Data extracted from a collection
=-=-=-=-=
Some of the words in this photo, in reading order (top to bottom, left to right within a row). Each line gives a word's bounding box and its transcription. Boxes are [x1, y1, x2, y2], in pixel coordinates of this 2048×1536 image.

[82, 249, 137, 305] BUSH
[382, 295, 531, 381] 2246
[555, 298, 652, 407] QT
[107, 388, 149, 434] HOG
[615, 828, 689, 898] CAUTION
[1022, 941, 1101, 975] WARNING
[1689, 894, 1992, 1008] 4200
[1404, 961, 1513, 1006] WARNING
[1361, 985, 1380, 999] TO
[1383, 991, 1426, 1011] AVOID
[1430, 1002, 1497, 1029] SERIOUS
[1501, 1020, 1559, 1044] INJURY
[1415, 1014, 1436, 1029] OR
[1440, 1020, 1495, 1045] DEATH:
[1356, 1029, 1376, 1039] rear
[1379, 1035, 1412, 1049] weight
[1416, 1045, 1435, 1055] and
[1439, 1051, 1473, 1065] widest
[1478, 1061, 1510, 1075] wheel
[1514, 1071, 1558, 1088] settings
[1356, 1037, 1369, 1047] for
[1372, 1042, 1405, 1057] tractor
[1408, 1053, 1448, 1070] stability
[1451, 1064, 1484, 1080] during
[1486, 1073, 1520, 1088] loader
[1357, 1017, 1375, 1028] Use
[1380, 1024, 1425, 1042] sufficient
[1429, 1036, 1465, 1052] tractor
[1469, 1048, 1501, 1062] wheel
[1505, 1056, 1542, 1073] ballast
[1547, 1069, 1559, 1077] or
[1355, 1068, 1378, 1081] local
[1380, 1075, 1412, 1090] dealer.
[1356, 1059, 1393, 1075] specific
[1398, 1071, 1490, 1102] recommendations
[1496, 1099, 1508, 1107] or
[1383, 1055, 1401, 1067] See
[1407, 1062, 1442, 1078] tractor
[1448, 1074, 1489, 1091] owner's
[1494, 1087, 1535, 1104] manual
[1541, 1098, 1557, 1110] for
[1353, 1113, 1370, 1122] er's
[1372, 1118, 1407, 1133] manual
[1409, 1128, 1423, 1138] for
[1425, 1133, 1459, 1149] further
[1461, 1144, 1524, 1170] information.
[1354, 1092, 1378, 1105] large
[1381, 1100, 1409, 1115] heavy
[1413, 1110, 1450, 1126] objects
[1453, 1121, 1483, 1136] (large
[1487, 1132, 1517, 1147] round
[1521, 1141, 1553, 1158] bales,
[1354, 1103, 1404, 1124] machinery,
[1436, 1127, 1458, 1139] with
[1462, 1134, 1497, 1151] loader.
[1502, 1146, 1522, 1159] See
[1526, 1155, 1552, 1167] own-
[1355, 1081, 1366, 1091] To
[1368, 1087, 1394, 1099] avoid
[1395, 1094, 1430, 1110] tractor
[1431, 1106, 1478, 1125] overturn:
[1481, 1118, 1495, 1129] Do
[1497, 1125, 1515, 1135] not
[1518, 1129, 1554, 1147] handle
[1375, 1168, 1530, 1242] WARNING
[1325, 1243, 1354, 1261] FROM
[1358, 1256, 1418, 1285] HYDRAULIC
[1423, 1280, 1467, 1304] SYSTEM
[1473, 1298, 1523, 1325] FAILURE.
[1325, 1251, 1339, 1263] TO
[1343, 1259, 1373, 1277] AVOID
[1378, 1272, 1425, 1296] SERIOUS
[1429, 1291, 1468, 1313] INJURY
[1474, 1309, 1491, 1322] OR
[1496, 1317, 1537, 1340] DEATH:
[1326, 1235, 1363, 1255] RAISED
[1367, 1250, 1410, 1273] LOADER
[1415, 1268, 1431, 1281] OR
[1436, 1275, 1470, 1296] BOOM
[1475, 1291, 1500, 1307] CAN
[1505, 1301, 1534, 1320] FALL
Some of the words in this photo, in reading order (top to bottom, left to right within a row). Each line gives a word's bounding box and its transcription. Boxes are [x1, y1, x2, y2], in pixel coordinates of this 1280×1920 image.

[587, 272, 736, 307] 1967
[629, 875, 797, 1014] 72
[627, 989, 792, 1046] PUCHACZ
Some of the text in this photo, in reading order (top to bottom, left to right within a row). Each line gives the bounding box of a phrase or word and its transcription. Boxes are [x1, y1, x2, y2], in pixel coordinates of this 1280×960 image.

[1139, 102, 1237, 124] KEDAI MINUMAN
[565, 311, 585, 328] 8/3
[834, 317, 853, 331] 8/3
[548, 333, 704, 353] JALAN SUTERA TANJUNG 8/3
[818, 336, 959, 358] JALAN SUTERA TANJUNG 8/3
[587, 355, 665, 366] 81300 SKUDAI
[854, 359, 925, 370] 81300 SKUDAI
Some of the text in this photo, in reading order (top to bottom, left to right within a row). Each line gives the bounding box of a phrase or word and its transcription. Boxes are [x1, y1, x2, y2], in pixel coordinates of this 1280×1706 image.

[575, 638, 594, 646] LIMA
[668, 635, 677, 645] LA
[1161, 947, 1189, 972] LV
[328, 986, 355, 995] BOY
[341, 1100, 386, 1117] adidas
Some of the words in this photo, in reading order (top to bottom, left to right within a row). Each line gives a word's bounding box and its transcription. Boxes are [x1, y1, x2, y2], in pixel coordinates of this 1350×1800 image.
=-=-=-=-=
## Task requirements
All the lines above are to be copied exactly, with none left out.

## Answer to this exercise
Some of the words in this photo, in reading order (top to bottom, left to right within a row). Each line gives a word's bounding box and its transcription. Boxes are [x1, y1, x2, y2], in pixel coordinates of this 2048×1536 image.

[82, 249, 137, 305] BUSH
[382, 295, 531, 381] 2246
[555, 298, 652, 407] QT
[107, 388, 149, 434] HOG
[615, 828, 689, 898] CAUTION
[1022, 941, 1101, 975] WARNING
[1689, 894, 1992, 1008] 4200
[1404, 961, 1513, 1006] WARNING
[1361, 985, 1380, 999] TO
[1383, 991, 1426, 1011] AVOID
[1430, 1002, 1497, 1029] SERIOUS
[1501, 1020, 1559, 1044] INJURY
[1415, 1014, 1436, 1029] OR
[1440, 1020, 1495, 1045] DEATH:
[1356, 1029, 1376, 1039] rear
[1379, 1035, 1412, 1049] weight
[1416, 1045, 1435, 1055] and
[1439, 1051, 1473, 1065] widest
[1478, 1061, 1510, 1075] wheel
[1514, 1071, 1558, 1088] settings
[1356, 1037, 1369, 1047] for
[1372, 1042, 1405, 1057] tractor
[1408, 1053, 1448, 1070] stability
[1451, 1064, 1484, 1080] during
[1486, 1073, 1520, 1088] loader
[1357, 1017, 1375, 1028] Use
[1380, 1024, 1425, 1042] sufficient
[1429, 1036, 1465, 1052] tractor
[1469, 1048, 1501, 1062] wheel
[1505, 1056, 1542, 1073] ballast
[1547, 1069, 1559, 1077] or
[1355, 1068, 1378, 1081] local
[1380, 1075, 1412, 1090] dealer.
[1356, 1059, 1393, 1075] specific
[1398, 1071, 1490, 1102] recommendations
[1496, 1099, 1508, 1107] or
[1383, 1055, 1401, 1067] See
[1407, 1062, 1442, 1078] tractor
[1448, 1074, 1489, 1091] owner's
[1494, 1087, 1535, 1104] manual
[1541, 1098, 1557, 1110] for
[1353, 1113, 1370, 1122] er's
[1372, 1118, 1407, 1133] manual
[1409, 1128, 1423, 1138] for
[1425, 1133, 1459, 1149] further
[1461, 1144, 1524, 1170] information.
[1354, 1092, 1378, 1105] large
[1381, 1100, 1409, 1115] heavy
[1413, 1110, 1450, 1126] objects
[1453, 1121, 1483, 1136] (large
[1487, 1132, 1517, 1147] round
[1521, 1141, 1553, 1158] bales,
[1354, 1103, 1404, 1124] machinery,
[1436, 1127, 1458, 1139] with
[1462, 1134, 1497, 1151] loader.
[1502, 1146, 1522, 1159] See
[1526, 1155, 1552, 1167] own-
[1355, 1081, 1366, 1091] To
[1368, 1087, 1394, 1099] avoid
[1395, 1094, 1430, 1110] tractor
[1431, 1106, 1478, 1125] overturn:
[1481, 1118, 1495, 1129] Do
[1497, 1125, 1515, 1135] not
[1518, 1129, 1554, 1147] handle
[1375, 1168, 1530, 1242] WARNING
[1325, 1243, 1354, 1261] FROM
[1358, 1256, 1418, 1285] HYDRAULIC
[1423, 1280, 1467, 1304] SYSTEM
[1473, 1298, 1523, 1325] FAILURE.
[1325, 1251, 1339, 1263] TO
[1343, 1259, 1373, 1277] AVOID
[1378, 1272, 1425, 1296] SERIOUS
[1429, 1291, 1468, 1313] INJURY
[1474, 1309, 1491, 1322] OR
[1496, 1317, 1537, 1340] DEATH:
[1326, 1235, 1363, 1255] RAISED
[1367, 1250, 1410, 1273] LOADER
[1415, 1268, 1431, 1281] OR
[1436, 1275, 1470, 1296] BOOM
[1475, 1291, 1500, 1307] CAN
[1505, 1301, 1534, 1320] FALL
Some of the words in this photo, in reading order (top to bottom, left to right within a row). Each line gives a word's bounding box and its transcription. Boxes are [x1, y1, x2, y2], in pixel coordinates of this 1280×1920 image.

[587, 272, 736, 307] 1967
[629, 875, 797, 1014] 72
[627, 989, 792, 1046] PUCHACZ
Some of the text in this photo, in reading order (top to bottom, left to right within a row). Each line gives the bounding box of a phrase or word and its transcription. Boxes are [x1, y1, x2, y2], in pixel coordinates of this 1280×960 image.

[1139, 102, 1237, 124] KEDAI MINUMAN
[565, 311, 585, 328] 8/3
[834, 317, 853, 331] 8/3
[548, 333, 704, 353] JALAN SUTERA TANJUNG 8/3
[818, 336, 959, 358] JALAN SUTERA TANJUNG 8/3
[587, 355, 665, 366] 81300 SKUDAI
[854, 359, 925, 370] 81300 SKUDAI
Some of the text in this photo, in reading order (top to bottom, left to right within a row). Each line gives the bounding box of a phrase or word and its transcription. Boxes are [x1, y1, x2, y2], in pixel coordinates of this 1280×1706 image.

[575, 638, 594, 646] LIMA
[668, 635, 677, 645] LA
[1161, 947, 1189, 972] LV
[328, 986, 355, 995] BOY
[341, 1100, 386, 1117] adidas
Some of the words in this photo, in reading order (top to bottom, left to right within a row). Each line gives a word's bounding box and its transcription. Boxes are [x1, y1, x2, y2], in pixel coordinates of this 1350×1800 image.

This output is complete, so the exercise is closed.